(Dataset entries)

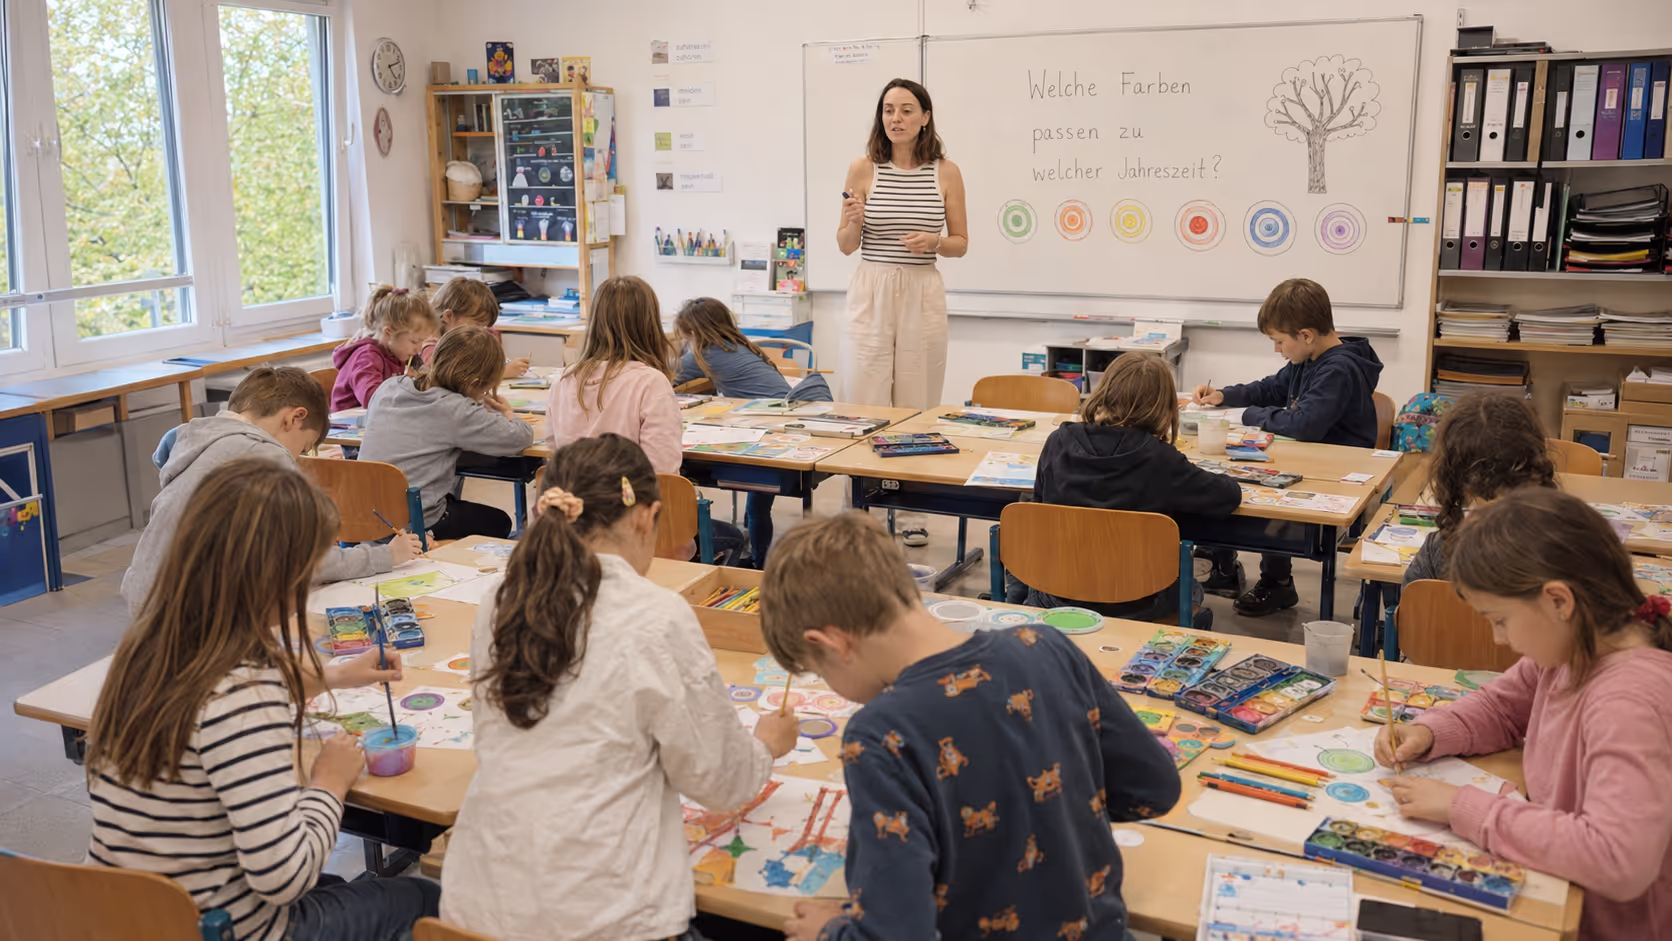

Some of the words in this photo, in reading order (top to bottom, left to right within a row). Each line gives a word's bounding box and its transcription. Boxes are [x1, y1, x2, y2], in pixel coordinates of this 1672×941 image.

[1028, 69, 1098, 100] Welche
[1122, 71, 1191, 96] Farben
[1033, 127, 1099, 154] passen
[1119, 126, 1144, 139] zu
[1033, 157, 1103, 182] welcher
[1117, 154, 1222, 180] Jahreszeit?
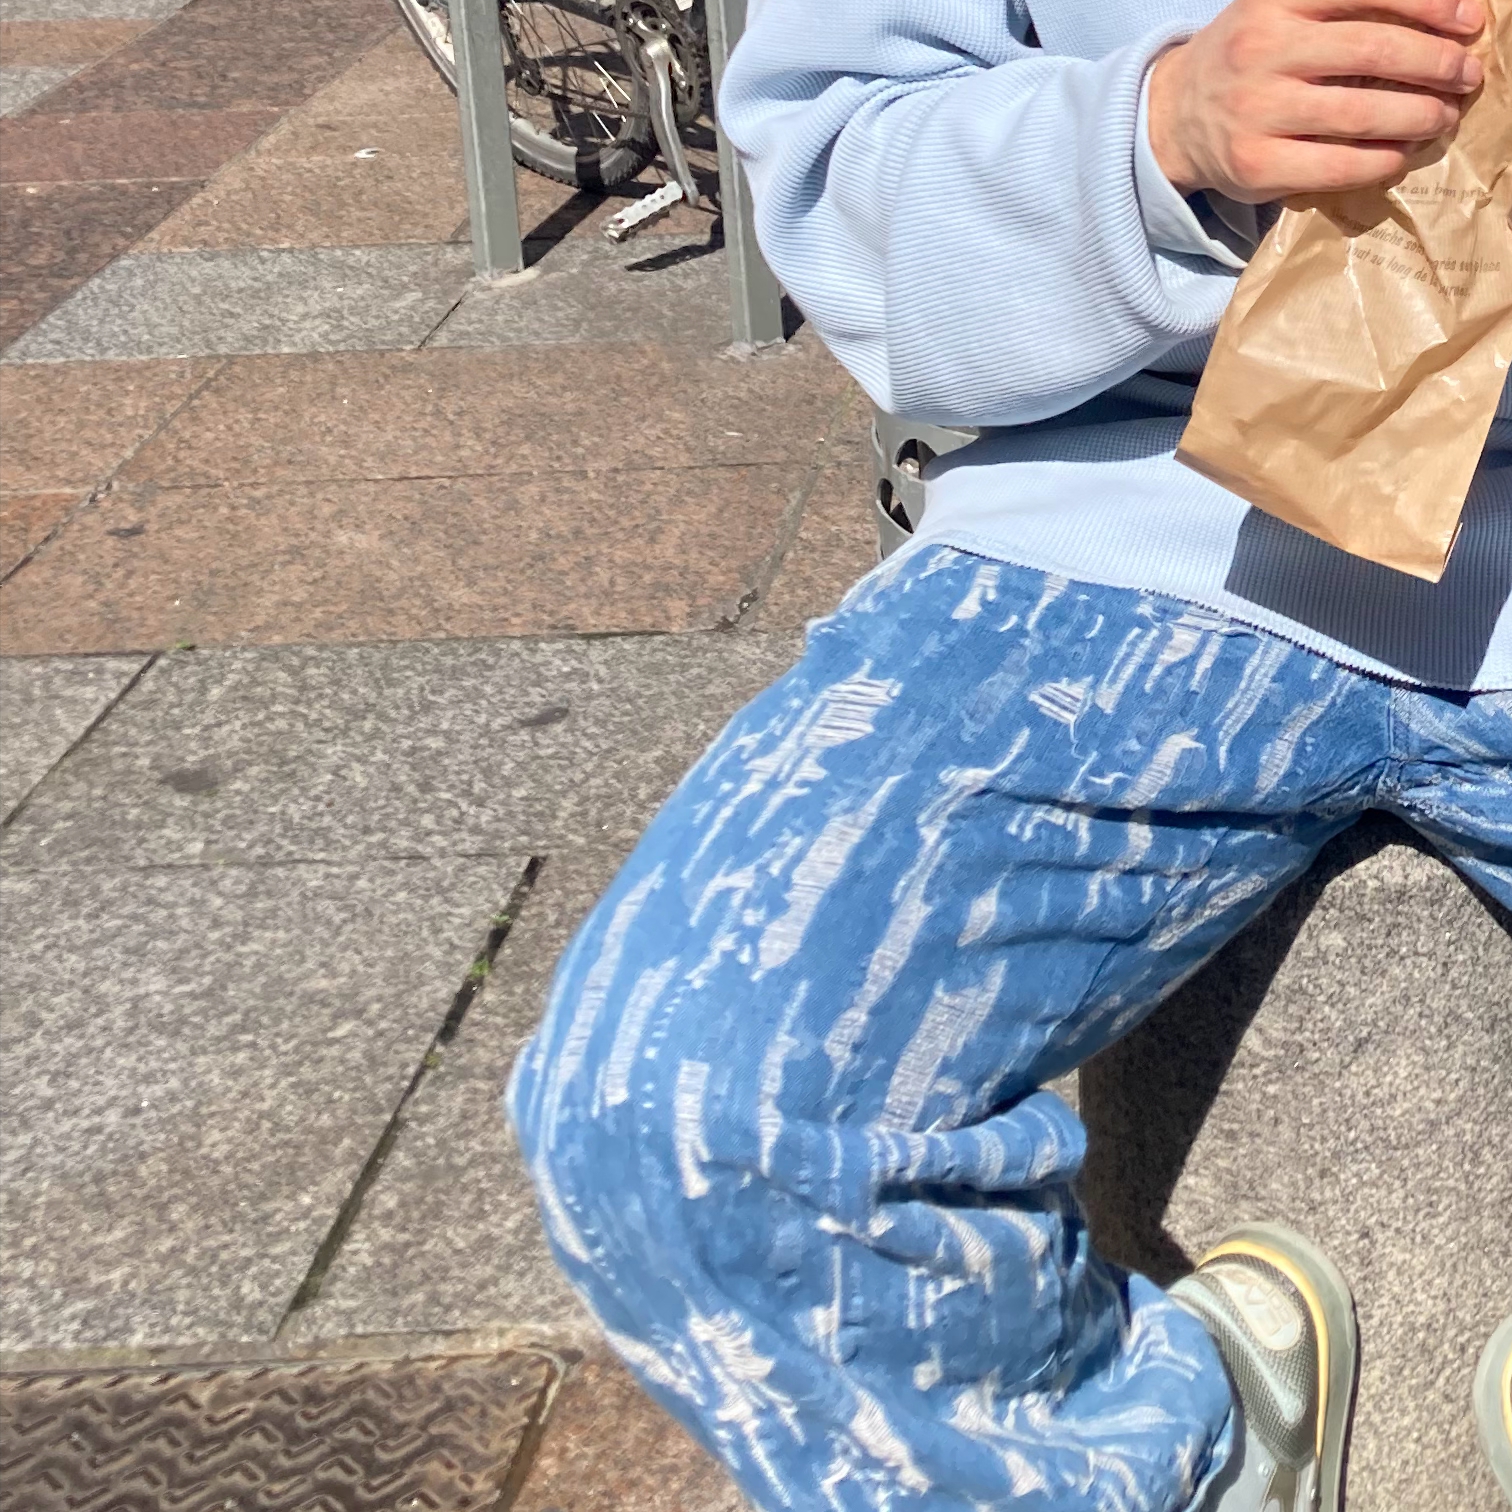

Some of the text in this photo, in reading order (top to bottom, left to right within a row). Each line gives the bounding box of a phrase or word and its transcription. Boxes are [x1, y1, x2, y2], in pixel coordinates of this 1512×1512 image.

[1370, 253, 1385, 266] au
[1387, 256, 1412, 279] long
[1413, 267, 1428, 282] de
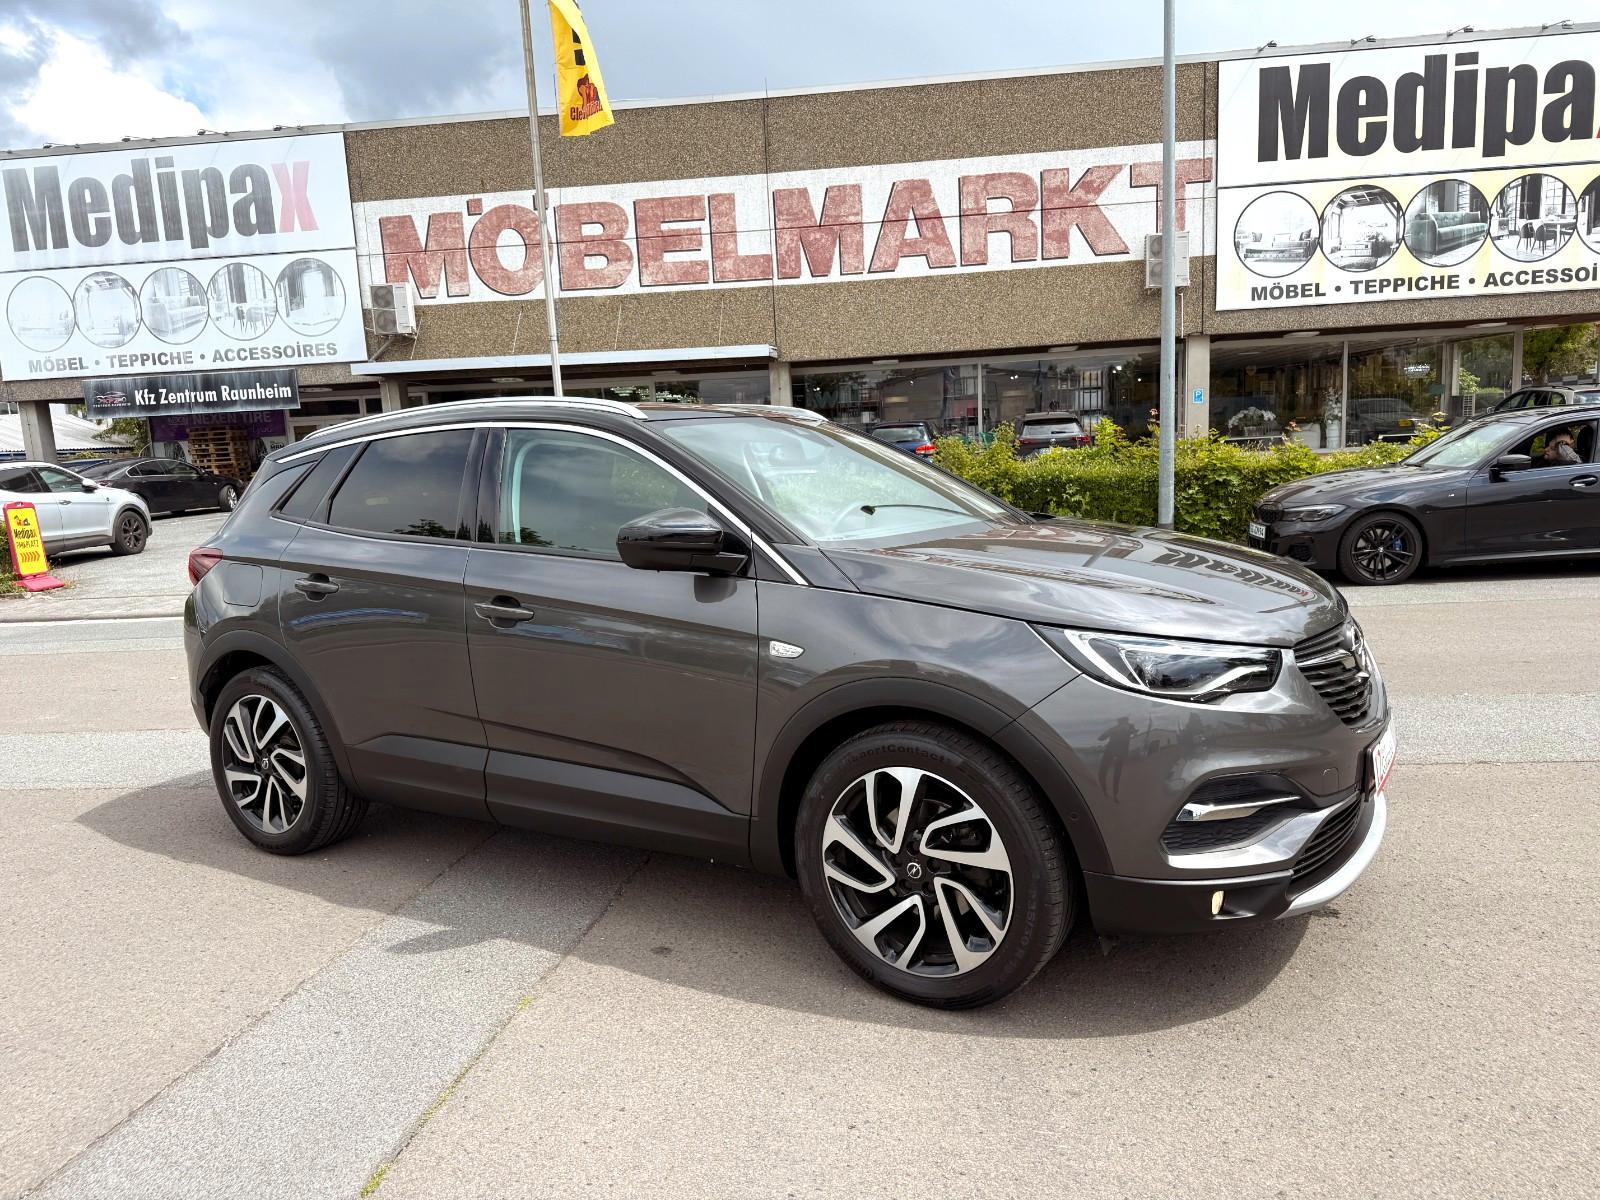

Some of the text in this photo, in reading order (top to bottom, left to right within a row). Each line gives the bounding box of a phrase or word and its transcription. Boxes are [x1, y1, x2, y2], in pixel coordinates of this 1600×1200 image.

[1258, 51, 1600, 163] Medipa
[2, 155, 319, 252] Medipax
[379, 157, 1213, 299] MÖBELMARKT
[1251, 282, 1326, 301] MÖBEL
[1350, 274, 1460, 295] TEPPICHE
[29, 356, 89, 373] MÖBEL
[106, 351, 194, 368] TEPPICHE
[134, 382, 292, 406] Kfz Zentrum Raunheim
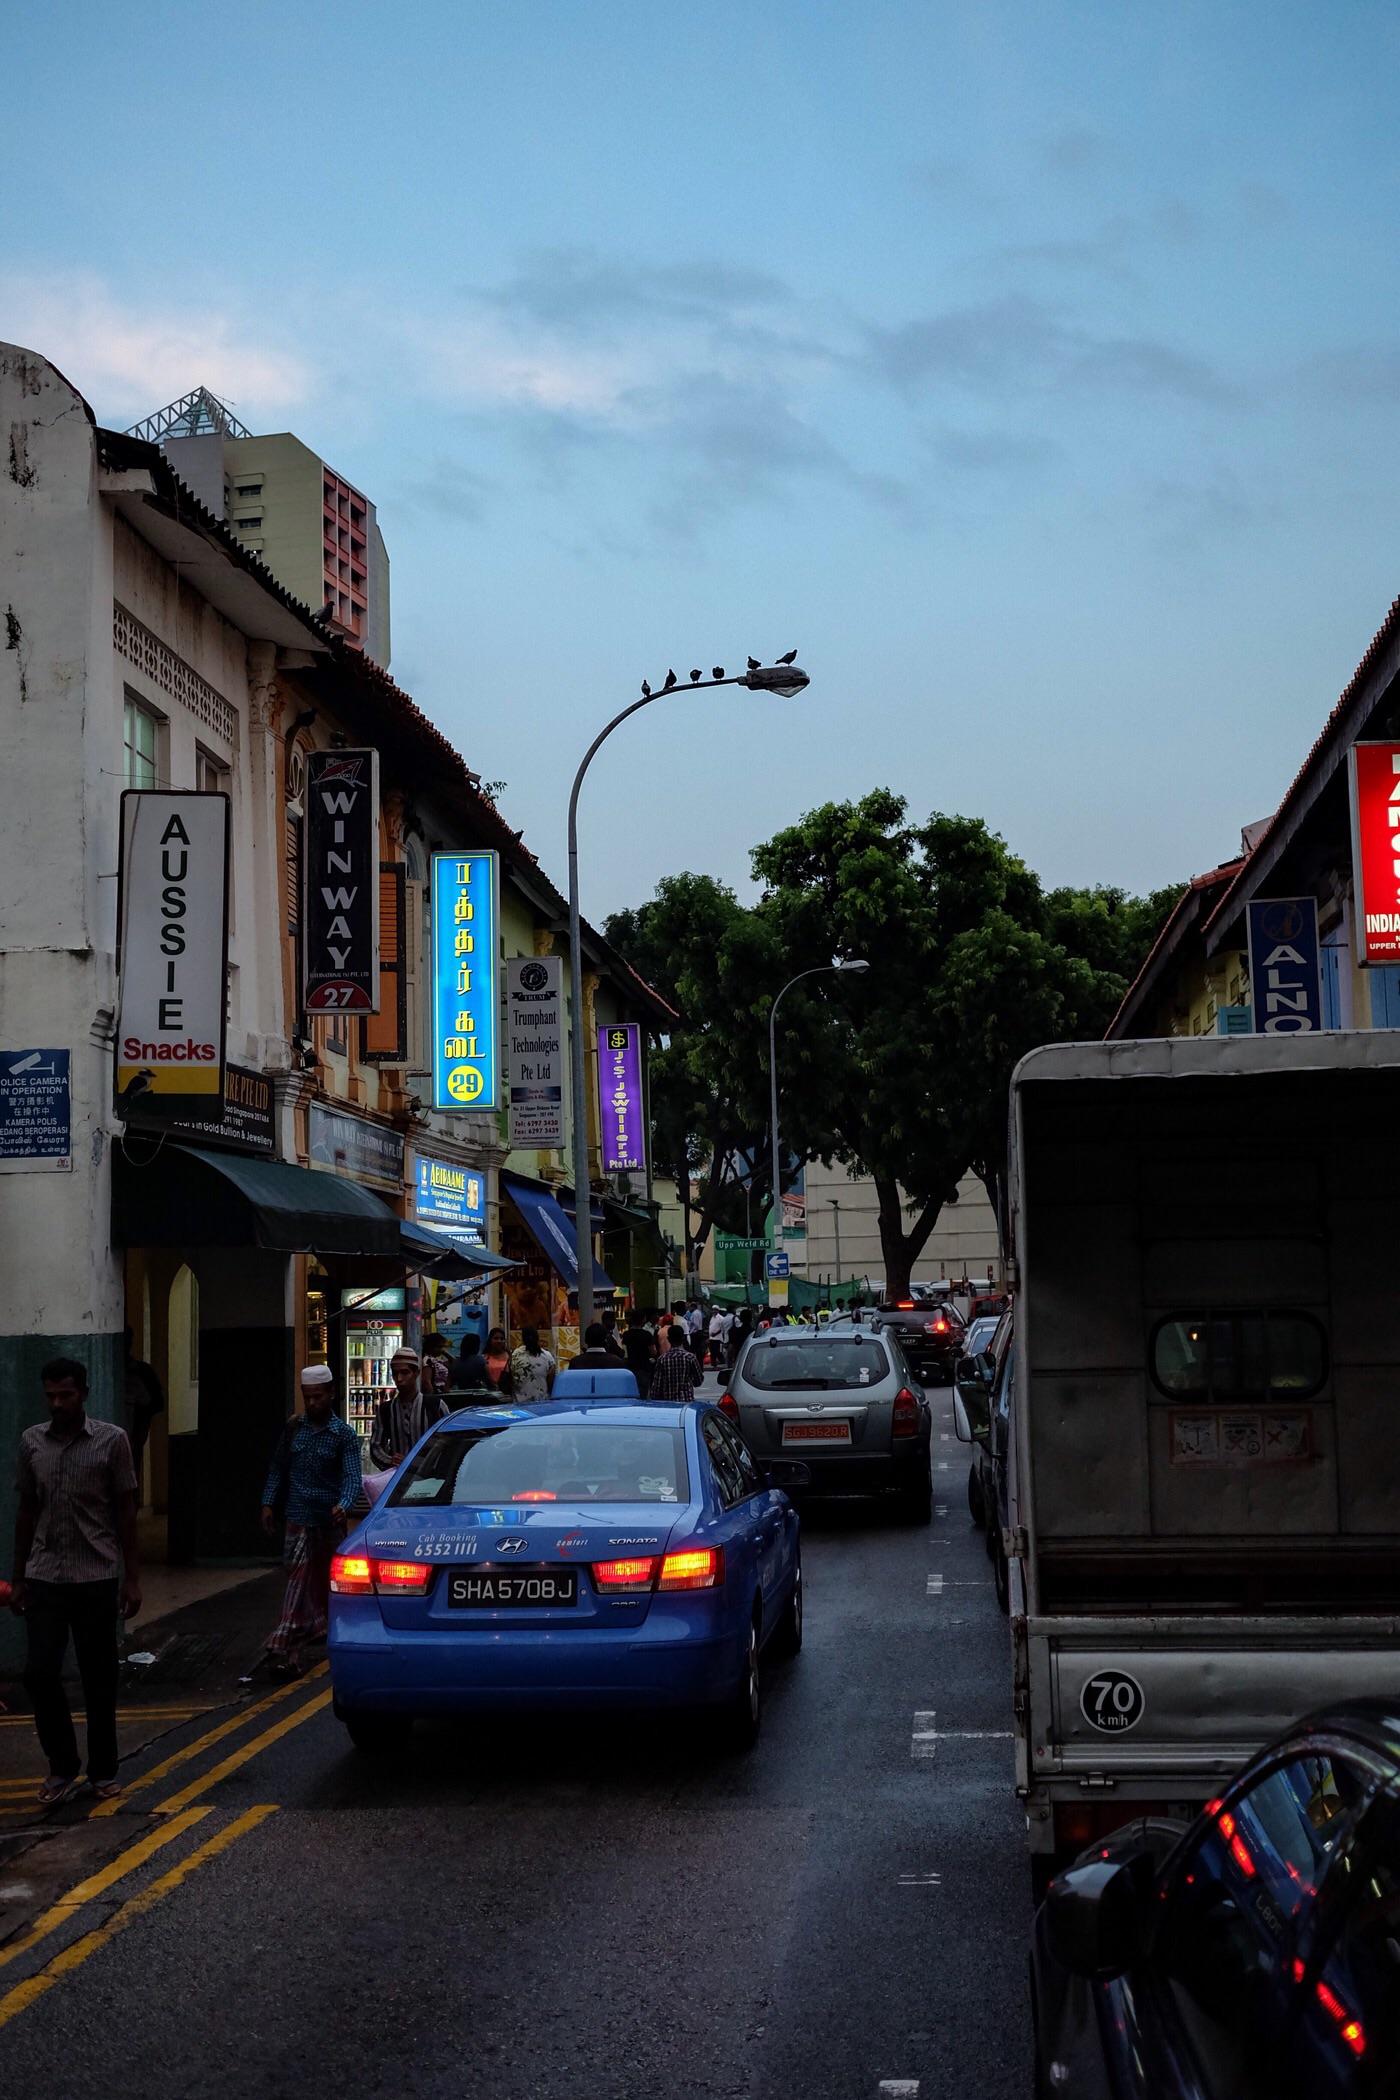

• _Exercise aim_
The required answer is every line from the one containing "this 1600×1200 image." through the last line of the entries, restated word for word and with no pictures.

• _Result of this exercise_
Some of the text in this photo, in reading order (top to bottom, left to right within a row). Each line gives the bounding box of a phrase or word and its transcription. Boxes are [x1, y1, x2, y2], in pixel coordinates of this 1600×1200 image.

[1258, 51, 1600, 163] Medipa
[2, 155, 319, 252] Medipax
[379, 157, 1213, 299] MÖBELMARKT
[1251, 282, 1326, 301] MÖBEL
[1350, 274, 1460, 295] TEPPICHE
[29, 356, 89, 373] MÖBEL
[106, 351, 194, 368] TEPPICHE
[134, 382, 292, 406] Kfz Zentrum Raunheim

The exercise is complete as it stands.